• Your task:
Set down the final part of the listing, which starts at the line containing "this 1073×1600 image." and runs to the last line, exactly and completely.

• Records for processing:

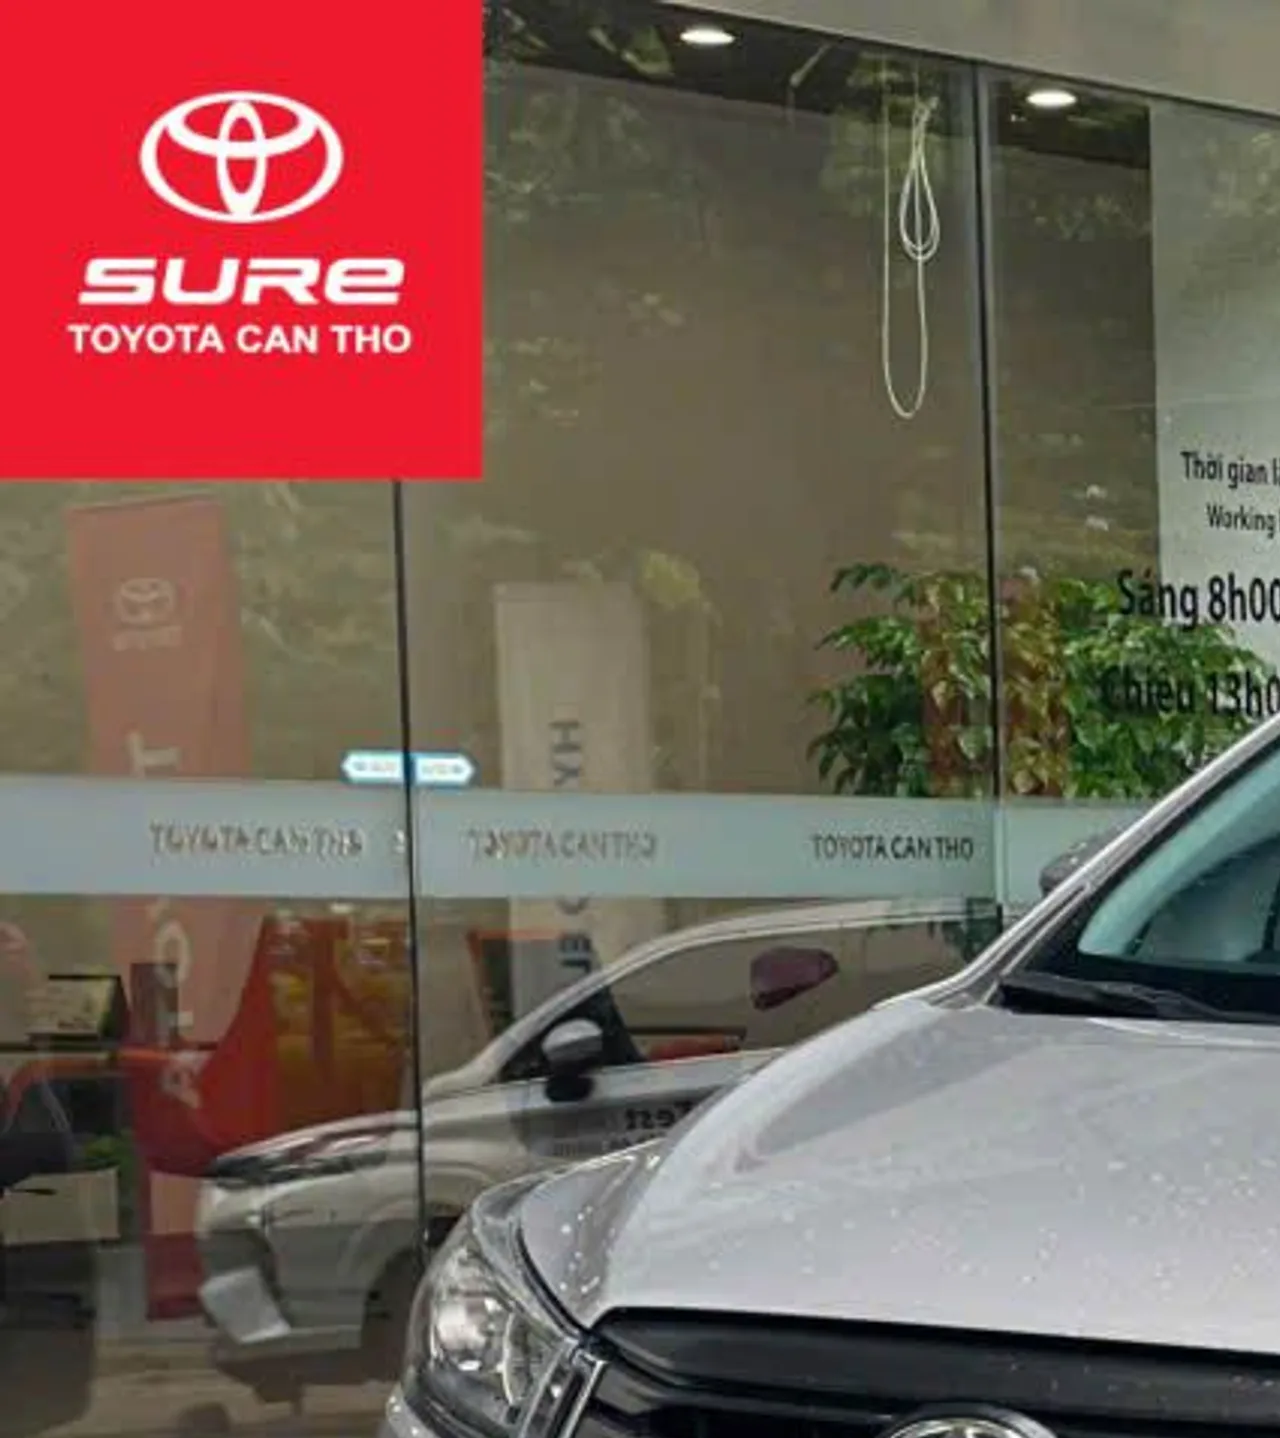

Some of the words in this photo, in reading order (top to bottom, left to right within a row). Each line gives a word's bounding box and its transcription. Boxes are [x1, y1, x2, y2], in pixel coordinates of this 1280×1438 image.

[1180, 450, 1224, 482] Thời
[1227, 456, 1269, 490] gian
[1206, 502, 1274, 540] Working
[1117, 567, 1200, 631] Sáng
[811, 834, 888, 862] TOYOTA
[890, 835, 933, 861] CAN
[934, 836, 975, 863] THO
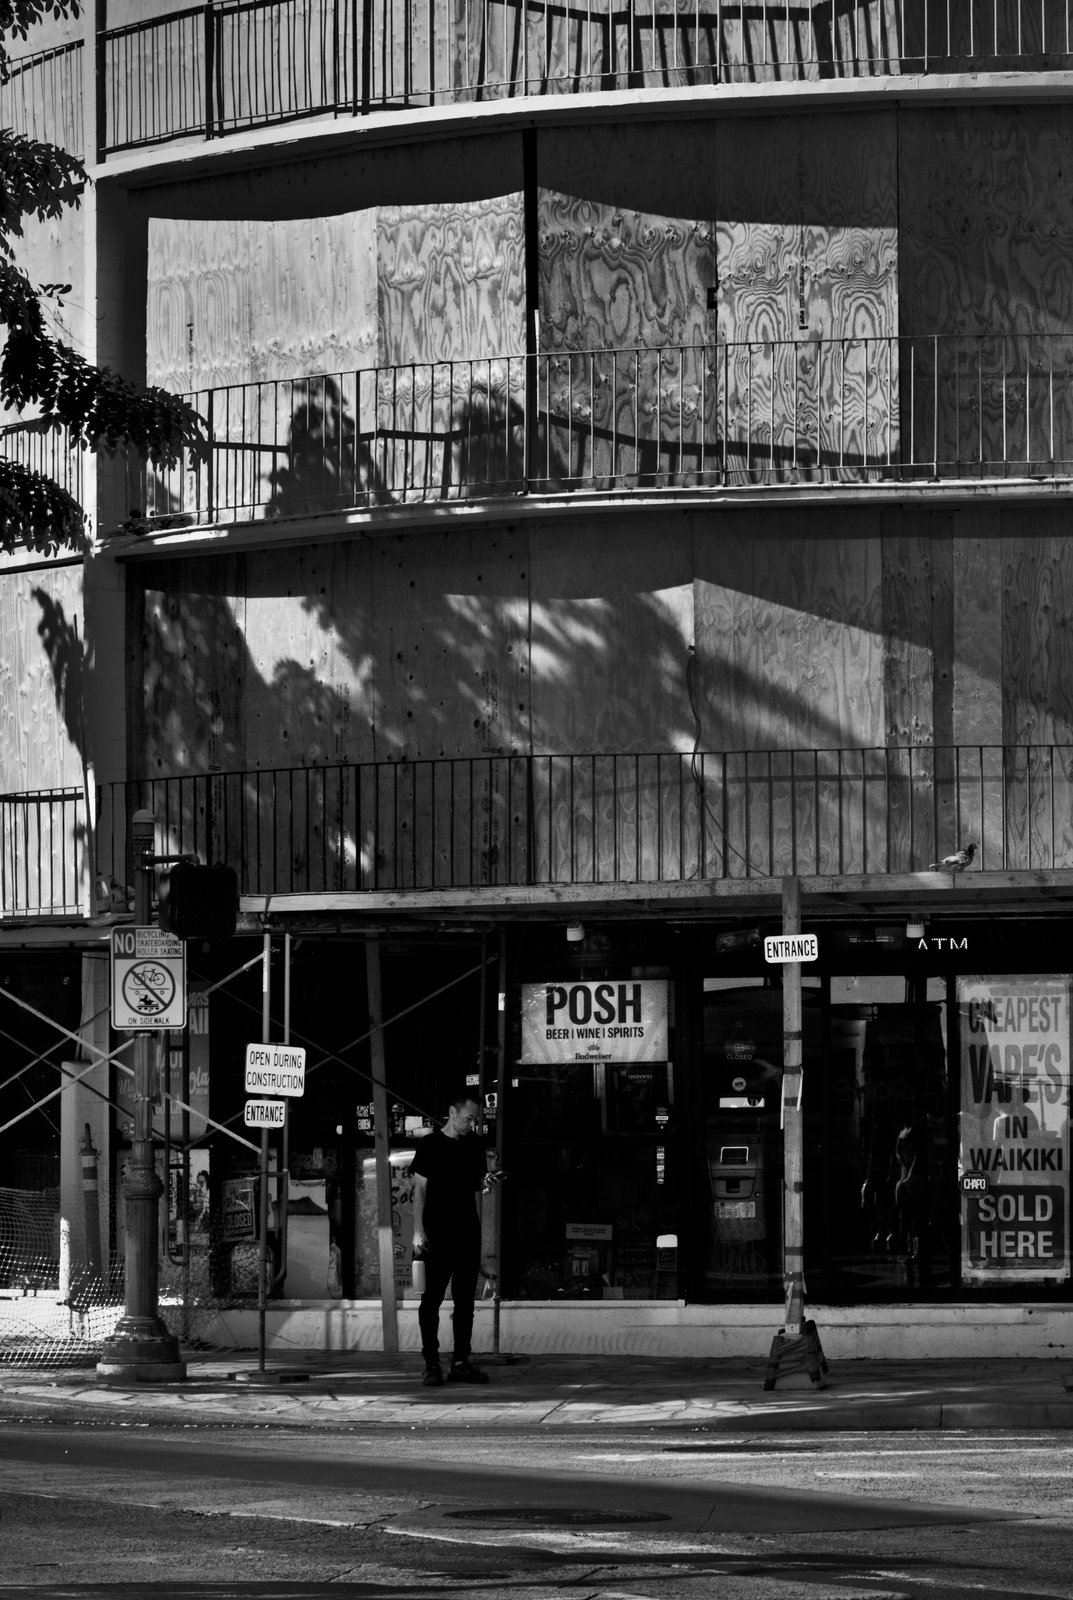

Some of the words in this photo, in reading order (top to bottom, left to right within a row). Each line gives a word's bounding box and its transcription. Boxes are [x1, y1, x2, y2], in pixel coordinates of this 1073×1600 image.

[114, 932, 135, 954] NO
[137, 939, 181, 947] SKATEBOARDING
[137, 948, 158, 956] ROLLER
[160, 948, 182, 956] SKATING
[767, 939, 816, 958] ENTRANCE
[917, 937, 968, 951] ATM
[546, 983, 641, 1026] POSH
[128, 1017, 137, 1025] ON
[140, 1017, 170, 1025] SIDEWALK
[969, 996, 1062, 1033] CHEAPEST
[546, 1028, 569, 1040] BEER
[576, 1027, 601, 1039] WINE
[607, 1026, 644, 1039] SPIRITS
[249, 1050, 271, 1066] OPEN
[273, 1053, 302, 1069] DURING
[575, 1051, 612, 1060] Budweiser
[246, 1072, 303, 1089] CONSTRUCTION
[969, 1043, 1063, 1104] VAPE'S
[246, 1105, 284, 1122] ENTRANCE
[1005, 1115, 1028, 1139] IN
[970, 1148, 1063, 1171] WAIKIKI
[977, 1194, 1054, 1222] SOLD
[979, 1230, 1054, 1258] HERE

• Task output:
Some of the words in this photo, in reading order (top to bottom, left to right within a row). Each line gives a word's bounding box and its transcription. Boxes are [x1, y1, x2, y2], in pixel coordinates of this 1073×1600 image.

[114, 932, 135, 954] NO
[137, 939, 181, 947] SKATEBOARDING
[137, 948, 158, 956] ROLLER
[160, 948, 182, 956] SKATING
[767, 939, 816, 958] ENTRANCE
[917, 937, 968, 951] ATM
[546, 983, 641, 1026] POSH
[128, 1017, 137, 1025] ON
[140, 1017, 170, 1025] SIDEWALK
[969, 996, 1062, 1033] CHEAPEST
[546, 1028, 569, 1040] BEER
[576, 1027, 601, 1039] WINE
[607, 1026, 644, 1039] SPIRITS
[249, 1050, 271, 1066] OPEN
[273, 1053, 302, 1069] DURING
[575, 1051, 612, 1060] Budweiser
[246, 1072, 303, 1089] CONSTRUCTION
[969, 1043, 1063, 1104] VAPE'S
[246, 1105, 284, 1122] ENTRANCE
[1005, 1115, 1028, 1139] IN
[970, 1148, 1063, 1171] WAIKIKI
[977, 1194, 1054, 1222] SOLD
[979, 1230, 1054, 1258] HERE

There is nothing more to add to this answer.